Now is a great time to exercise your mind when it comes to your exercise of choice. The Running Formula by Jack Daniels, Ph.D. (yes, that is his real name) is a great book if you want to improve your running game. This book is filled with scientific running formulas that will “guide you through training at exactly the right intensity to run stronger, longer, and faster.” This is the third edition of this book, and Jack keeps updating it. It’s is a great companion for any avid runner.
Join Virtual Races
You can run in a virtual race all by yourself. No, these races aren’t like those annoying Zoom conference calls you’re sitting in on all week. You can run a race without having to gather in a crowd. Thanks to the internet, there are plenty of opportunities to get your race on. It’ll satiate your competitive thirst while you’re confined to your solitude.

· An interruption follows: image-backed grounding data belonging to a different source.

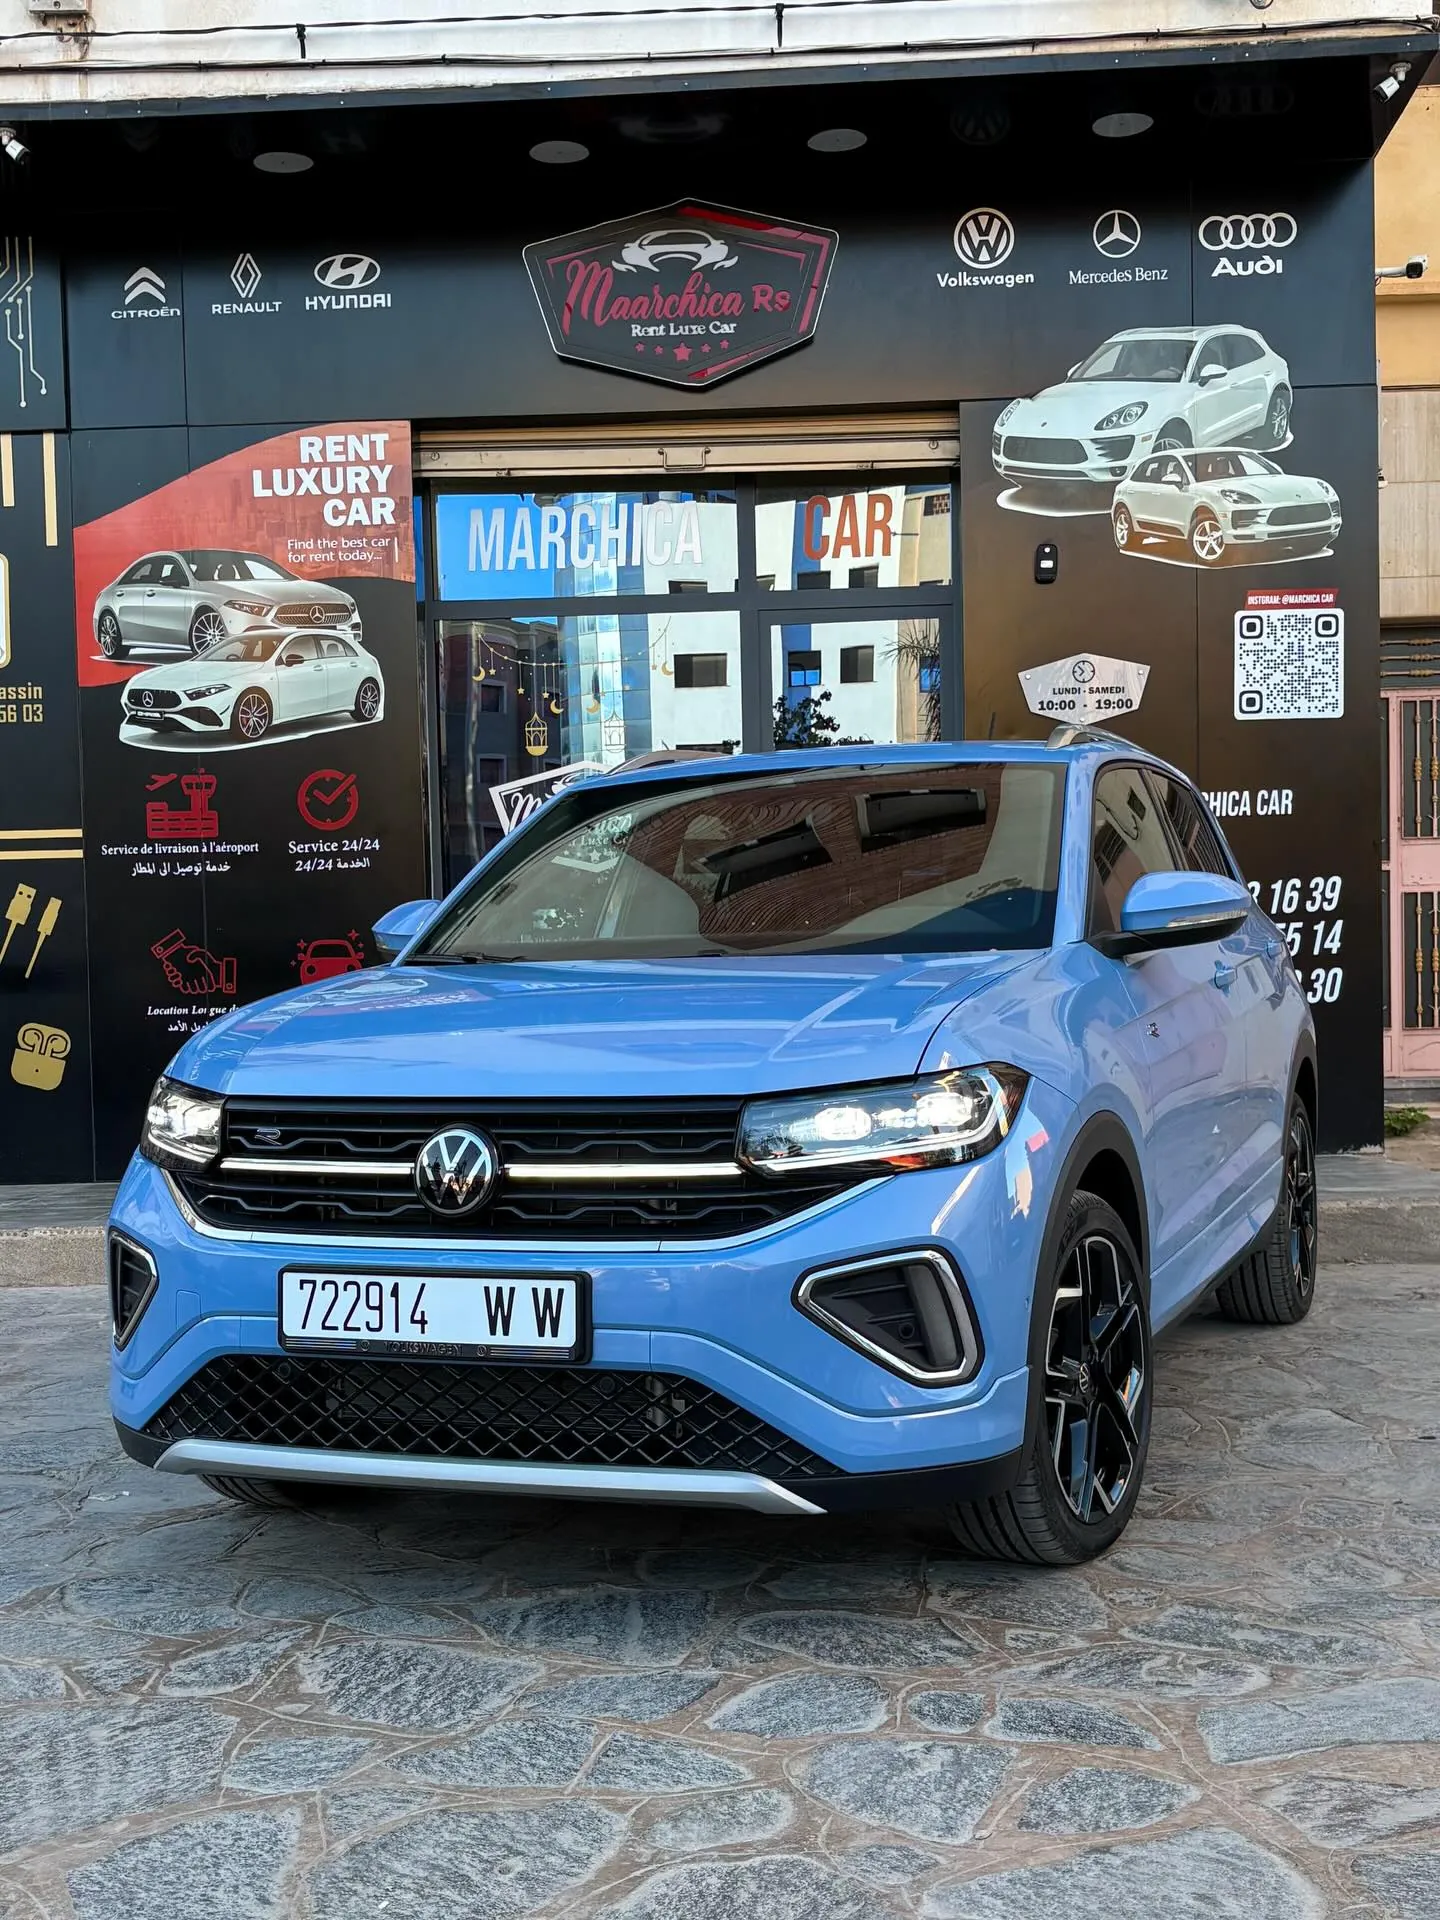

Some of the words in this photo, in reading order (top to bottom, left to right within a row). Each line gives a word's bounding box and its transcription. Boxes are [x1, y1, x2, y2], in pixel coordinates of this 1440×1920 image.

[1211, 255, 1283, 277] Audi
[937, 271, 1034, 288] Volkswagen
[1069, 267, 1132, 285] Mercedes
[1135, 267, 1168, 282] Benz
[305, 293, 391, 311] HYUNDAI
[562, 259, 744, 336] Maarchica
[752, 284, 791, 313] Rs
[111, 306, 181, 319] CITROËN
[211, 301, 282, 315] RENAULT
[631, 324, 666, 337] Rent
[669, 323, 705, 336] Luxe
[709, 321, 737, 334] Car
[300, 433, 389, 463] RENT
[253, 465, 393, 498] LUXURY
[323, 498, 396, 527] CAR
[468, 500, 704, 572] MARCHICA
[804, 493, 893, 561] CAR
[287, 538, 314, 550] Find
[317, 537, 338, 549] the
[341, 537, 368, 549] best
[371, 538, 391, 547] car
[288, 551, 306, 563] for
[309, 551, 334, 562] rent
[338, 550, 382, 562] today...
[1321, 593, 1334, 603] CAR
[1052, 687, 1081, 695] LUNDI
[1088, 686, 1125, 694] SAMEDI
[23, 703, 43, 722] 03
[1038, 700, 1076, 711] 10:00
[1095, 698, 1133, 709] 19:00
[1256, 789, 1293, 815] CAR
[101, 844, 138, 855] Service
[141, 843, 153, 854] de
[155, 843, 199, 854] livraison
[202, 842, 208, 853] à
[210, 841, 259, 855] l'aéroport
[288, 840, 338, 854] Service
[342, 837, 380, 851] 24/24
[132, 862, 156, 876] المطار
[173, 861, 202, 876] توصيل
[205, 861, 231, 872] خدمة
[295, 858, 333, 872] 24/24
[336, 857, 370, 868] الخدمة
[1270, 878, 1301, 914] 16
[1305, 875, 1342, 912] 39
[1313, 919, 1343, 955] 14
[1306, 967, 1343, 1004] 30
[147, 1006, 188, 1016] Location
[299, 1278, 428, 1334] 722914

Running brands who were sponsoring running series have transitioned to virtual races. Rambling Runner(www.theramblingrunner.com), sponsored by SynchroKnit Powered by Wigwam, has created a series of multiple distance challenges. The Wasatch Trail Series is keeping runners and sponsors satisfied by creative solo challenges for its committed runners.
Apps like Runkeeper help you track your running progress, but they also host virtual events every month. You can run a 5K, a 10K, or whatever crazy milestone Runkeeper throws your way. It’s a great way to keep track of your training and gives you the opportunity to participate in these virtual events. It requires little effort, and you don’t even have to pay an entrance fee.
You can also check out Strava, an app that helps you find courses right in your backyard. Runners use Strava to create courses of their own and share them with friends on the Strava app. You can push yourself and get on the leaderboard of your favorite route to create some friendly competition. Remember when we told you to challenge your friends? Strava allows you to create a virtual competition between you and your friends while maintaining social distance.
These may be scary times, but you can use your running habit to channel that anxiety into a healthy routine. It’s okay to be bummed if your race was canceled, but know that there will be others! You just need to use this time to stay in shape and feel free to get creative. Now is the perfect time to try something you’ve never done before. Now lace up those running shoes, and go!